If a sniffer was on a router, it would be somewehre external, such as at the coffeeshop or somewhere else. Basically, you or anyone else is as unsafe there.
I change my admin passwords regularly.
Pinga
Posted on: 06/06/2014 19:34
I'm not getting it. If someone works for a multinational company and coaches a soccer team, it doesn't mean that the multinational owns the soccer team.
WC2 isn't owned by a multinational company.
Ok, wait, do you think that I work for the anti-Christ/
chemgal
Posted on: 06/06/2014 19:43
I'm not getting it. If someone works for a multinational company and coaches a soccer team, it doesn't mean that the multinational owns the soccer team.
WC2 isn't owned by a multinational company.

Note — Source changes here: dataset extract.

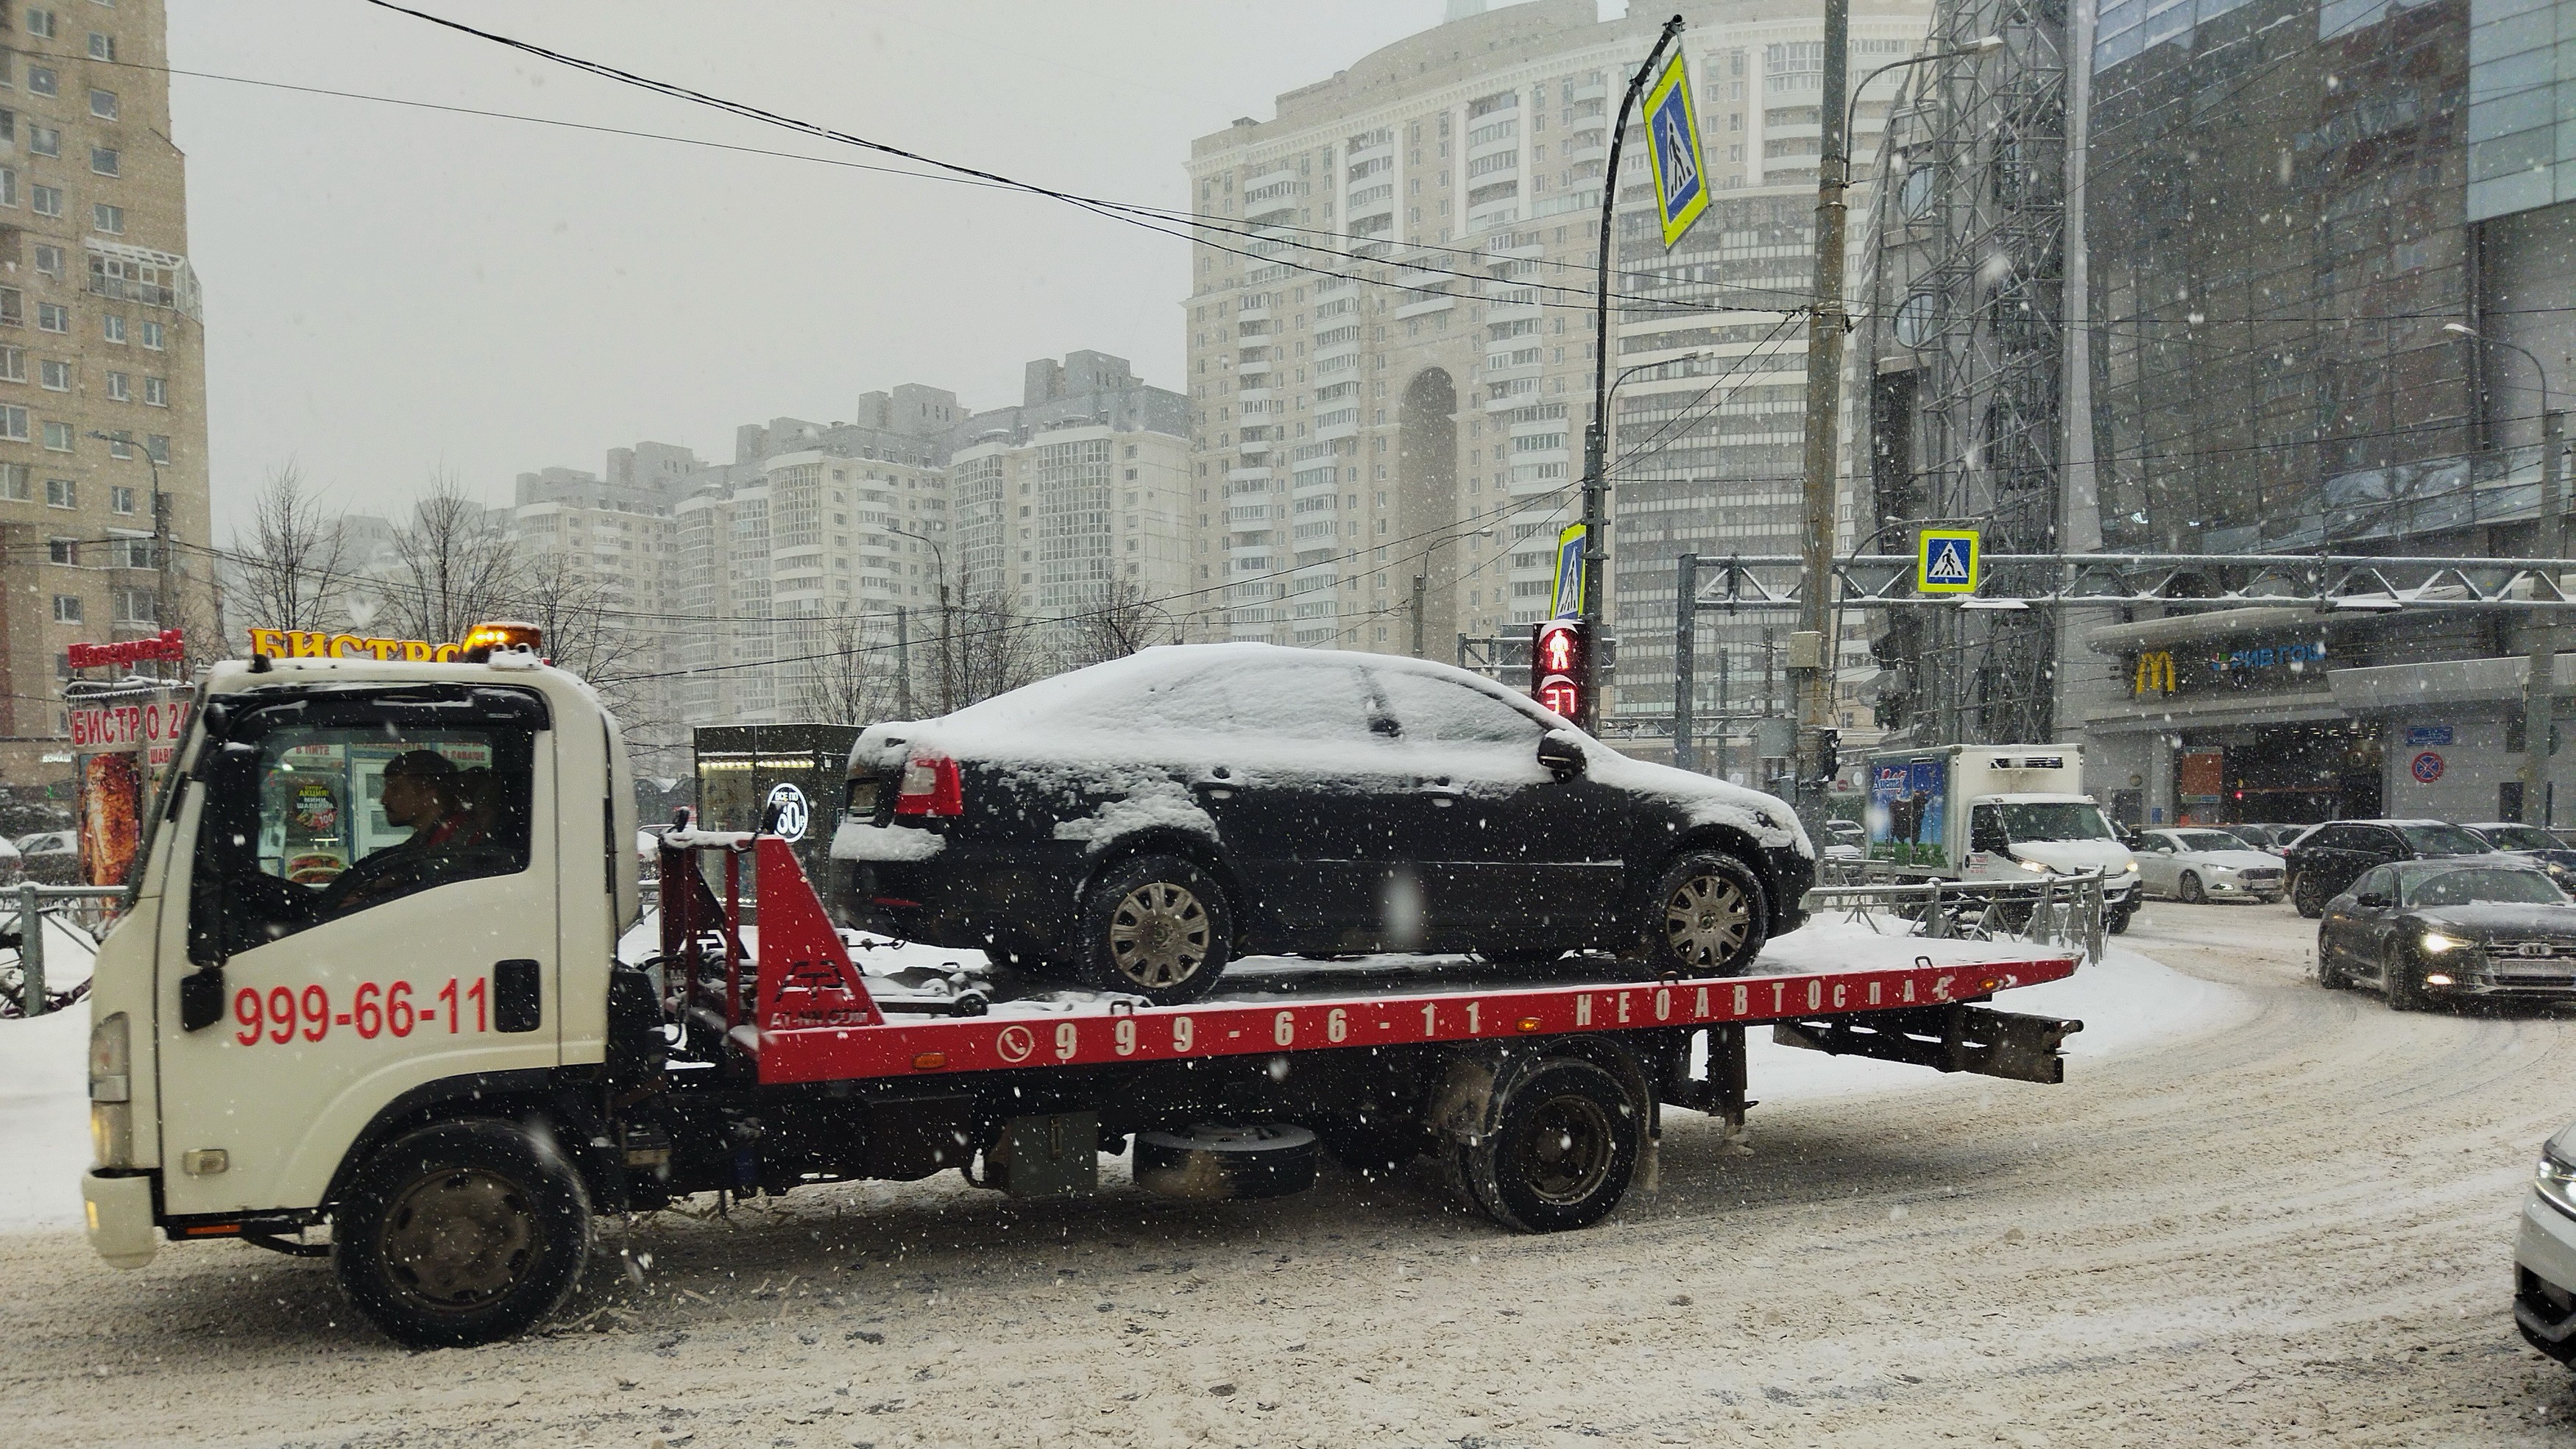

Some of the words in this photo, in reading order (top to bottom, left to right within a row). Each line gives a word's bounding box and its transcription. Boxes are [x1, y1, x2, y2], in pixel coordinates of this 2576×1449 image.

[73, 704, 160, 745] БИСТРО
[319, 812, 333, 823] 100
[233, 977, 486, 1046] 999-66-11

We aren't greenpeace. We aren't really of interest to anyone. I can think of one site where I would be concerned if a council member was involved wtih them
chemgal
Posted on: 06/06/2014 19:44
DP
carolla
Posted on: 06/06/2014 19:44
Kimmio - I sense that your present anxiety is related to upcoming change, and things occuring beyond your control, which is a bit of a recurrent theme on which you post. More talk about it is clearly not helpful to you, and seems to be increasingly irritating to others.
Pinga - I have a sense that any number of logical explanations on your part are not likely to allay Kimmio's anxiety. Hasn't shown that effect so far, so that leads me to this conclusion.
Might be time to both call a truce on this one.
Pinga
Posted on: 06/06/2014 19:47
Understood, Carolla
I was attempting to explain the technology and where risk was, ie why you don't put banking information in an untrusted location.